6 Most Common Misconceptions About Infection Control

Healthcare providers, including ambulatory surgery centers, are coming under increased pressures to maintain a high level of infection prevention and control. In order to achieve this, ASCs must ensure physicians and staff members comprehensively know and understand infection control best practices, protocols and policies. Joan Blanchard, MSS, BSN, RN, CNOR, CIC, who serves as the Association of periOperative Registered Nurses' liaison to the CDC Healthcare Infection Control Practices Advisory Committee, shares six common misconceptions about infection control.
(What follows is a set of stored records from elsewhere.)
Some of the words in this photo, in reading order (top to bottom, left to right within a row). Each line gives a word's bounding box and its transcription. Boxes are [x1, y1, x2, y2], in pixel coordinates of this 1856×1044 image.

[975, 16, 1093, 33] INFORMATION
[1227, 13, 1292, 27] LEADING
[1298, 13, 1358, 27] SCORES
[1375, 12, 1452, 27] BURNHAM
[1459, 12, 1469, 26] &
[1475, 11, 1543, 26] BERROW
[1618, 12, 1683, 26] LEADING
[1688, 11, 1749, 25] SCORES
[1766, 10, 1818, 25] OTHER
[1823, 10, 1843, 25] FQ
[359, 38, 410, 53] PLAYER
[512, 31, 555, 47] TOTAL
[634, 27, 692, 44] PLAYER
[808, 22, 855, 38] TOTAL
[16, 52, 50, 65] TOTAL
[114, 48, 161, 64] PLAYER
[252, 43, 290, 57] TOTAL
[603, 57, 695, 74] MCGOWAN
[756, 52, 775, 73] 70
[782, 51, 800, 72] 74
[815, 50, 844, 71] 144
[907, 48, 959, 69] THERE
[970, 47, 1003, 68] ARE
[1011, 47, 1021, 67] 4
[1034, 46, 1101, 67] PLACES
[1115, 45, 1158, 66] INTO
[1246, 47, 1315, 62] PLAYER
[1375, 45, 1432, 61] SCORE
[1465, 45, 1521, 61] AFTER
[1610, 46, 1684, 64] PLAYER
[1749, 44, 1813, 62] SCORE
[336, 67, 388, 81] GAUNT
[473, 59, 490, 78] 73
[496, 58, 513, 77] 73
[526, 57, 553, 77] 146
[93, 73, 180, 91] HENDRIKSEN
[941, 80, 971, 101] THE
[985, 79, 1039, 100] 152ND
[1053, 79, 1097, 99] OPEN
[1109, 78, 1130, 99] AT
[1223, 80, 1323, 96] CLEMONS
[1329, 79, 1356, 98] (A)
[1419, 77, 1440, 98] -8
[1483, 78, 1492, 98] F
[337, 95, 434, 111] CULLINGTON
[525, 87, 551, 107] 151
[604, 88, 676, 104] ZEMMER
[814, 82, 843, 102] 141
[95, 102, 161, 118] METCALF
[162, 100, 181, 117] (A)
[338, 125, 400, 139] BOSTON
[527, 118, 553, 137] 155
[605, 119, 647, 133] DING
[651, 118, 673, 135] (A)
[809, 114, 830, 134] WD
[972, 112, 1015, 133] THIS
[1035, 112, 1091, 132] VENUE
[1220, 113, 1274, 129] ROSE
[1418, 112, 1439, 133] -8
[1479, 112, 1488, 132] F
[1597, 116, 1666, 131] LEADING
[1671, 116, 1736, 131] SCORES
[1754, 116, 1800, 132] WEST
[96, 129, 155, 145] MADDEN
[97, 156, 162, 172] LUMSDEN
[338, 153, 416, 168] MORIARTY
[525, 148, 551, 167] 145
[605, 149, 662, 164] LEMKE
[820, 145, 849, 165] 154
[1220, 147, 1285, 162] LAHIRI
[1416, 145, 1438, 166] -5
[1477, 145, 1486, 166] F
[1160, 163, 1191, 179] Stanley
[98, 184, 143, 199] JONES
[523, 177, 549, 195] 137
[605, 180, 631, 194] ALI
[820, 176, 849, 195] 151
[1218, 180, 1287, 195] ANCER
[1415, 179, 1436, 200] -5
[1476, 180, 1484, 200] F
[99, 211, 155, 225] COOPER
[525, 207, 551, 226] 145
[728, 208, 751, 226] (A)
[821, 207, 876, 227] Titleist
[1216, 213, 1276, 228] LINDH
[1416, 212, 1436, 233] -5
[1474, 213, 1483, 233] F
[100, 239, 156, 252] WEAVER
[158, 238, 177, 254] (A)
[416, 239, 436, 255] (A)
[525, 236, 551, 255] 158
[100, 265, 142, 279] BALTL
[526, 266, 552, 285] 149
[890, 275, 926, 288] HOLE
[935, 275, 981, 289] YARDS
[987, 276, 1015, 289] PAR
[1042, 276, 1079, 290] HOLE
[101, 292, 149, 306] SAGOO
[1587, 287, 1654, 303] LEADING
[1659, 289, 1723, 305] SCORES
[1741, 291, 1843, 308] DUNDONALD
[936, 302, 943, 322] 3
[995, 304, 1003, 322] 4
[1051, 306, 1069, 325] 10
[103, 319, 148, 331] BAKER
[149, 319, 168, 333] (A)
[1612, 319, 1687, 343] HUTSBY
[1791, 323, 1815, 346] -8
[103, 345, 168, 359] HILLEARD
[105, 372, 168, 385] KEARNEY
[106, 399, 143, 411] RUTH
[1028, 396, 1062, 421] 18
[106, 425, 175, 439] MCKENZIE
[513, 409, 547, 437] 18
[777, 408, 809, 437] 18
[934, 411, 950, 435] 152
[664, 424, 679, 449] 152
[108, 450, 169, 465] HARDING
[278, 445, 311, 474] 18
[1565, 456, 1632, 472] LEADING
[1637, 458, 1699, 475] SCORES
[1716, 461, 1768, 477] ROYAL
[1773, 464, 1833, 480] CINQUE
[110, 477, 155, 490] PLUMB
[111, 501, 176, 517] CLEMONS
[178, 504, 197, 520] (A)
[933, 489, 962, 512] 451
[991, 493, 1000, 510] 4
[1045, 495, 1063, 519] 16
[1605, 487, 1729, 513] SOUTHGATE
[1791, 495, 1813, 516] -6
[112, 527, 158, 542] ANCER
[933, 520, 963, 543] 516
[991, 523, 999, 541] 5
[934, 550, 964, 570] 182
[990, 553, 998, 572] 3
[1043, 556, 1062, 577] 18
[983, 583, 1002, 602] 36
1. I do not need to wash my hands after removing my gloves. One common misconception Ms. Blanchard often runs across is the notion healthcare professionals do not need to use proper hand hygiene after wearing surgical gloves. According to Ms. Blanchard, there is an 18 percent failure rate for surgical gloves to keep hands uncontaminated. Gloves may have pin holes that are not readily observable.

"There is no way a manufacturer can test every pair of surgical gloves," Ms. Blanchard says. "That's why it is absolutely critical for healthcare professionals to wash their hands even after removing their gloves."

2. It's okay to dry a skin prep antiseptic off with a towel before it dries. Ms. Blanchard says it is essential ASCs follow manufacturer's guidelines on how long to wait before wiping away skin prep antiseptic from a patient's skin surface.

"If the manufacturer's guidelines says to let the antiseptic dry for 10 minutes, it should be left to dry on the skin for 10 minutes," Ms. Blanchard says. "There is a misconception that antiseptic kills pathogens immediately, but some antiseptics require time to completely or nearly completely kill as many skin pathogens as possible."

3. I do not have to wear a surgical mask or tie the surgical mask strings. Not wearing a surgical mask or failing to securely tie the surgical mask is a danger not only to the patient but to the healthcare professional as well.

"When you are tying the mask on securely, there is a better chance of protecting yourself and the patient is at a lower risk of experiencing an infection," Ms. Blanchard says. "OSHA requires any time you are working with a bloodborne pathogen or the possibility of a bloodborne pathogen splash that you wear a mask in surgery."

4. I am bald, therefore I do not need to wear surgical head gear. Ms. Blanchard says even healthcare professionals with no hair on their heads should still wear protective surgical caps during surgery. Not doing so can still be hazardous to patients, she says.

"It varies from individual to individuals, but everyone sheds skin particles from every part of their body every day," Ms. Blanchard says. "So your head constantly shedding is a huge reason to wear surgical head caps. It's simply a quality and infection prevention issue."

5. I can flash sterilize my instruments for ophthalmology cases. Ophthalmology staff should put their surgical instruments through an entire sterilization cycle, rather than resorting to rinsing instruments in sterile water and flashing for the next case.

"It's not sufficient enough [for eye instruments] to be flash sterilized," Ms. Blanchard says. "Those instruments must be cleaned very thoroughly, decontaminated and undergo a full sterilization cycle. If possible, flash sterilization should be avoided."

6. I can flash instruments between cases. ASCs should never resort to or make a habit of flashing surgical instruments between cases, unless it is absolutely necessary. Instead, ASCs should ensure every case — from open to close — is ready with a full set of instruments that underwent full sterilization.

"There are two distinct levels of care when comparing full sterilization to flash sterilization," Ms. Blanchard says. "Fully sterilized instrumentation should be used for every case. ASCs should not start morning cases with a sterile instrument set and then use flashed instrument sets for every following case."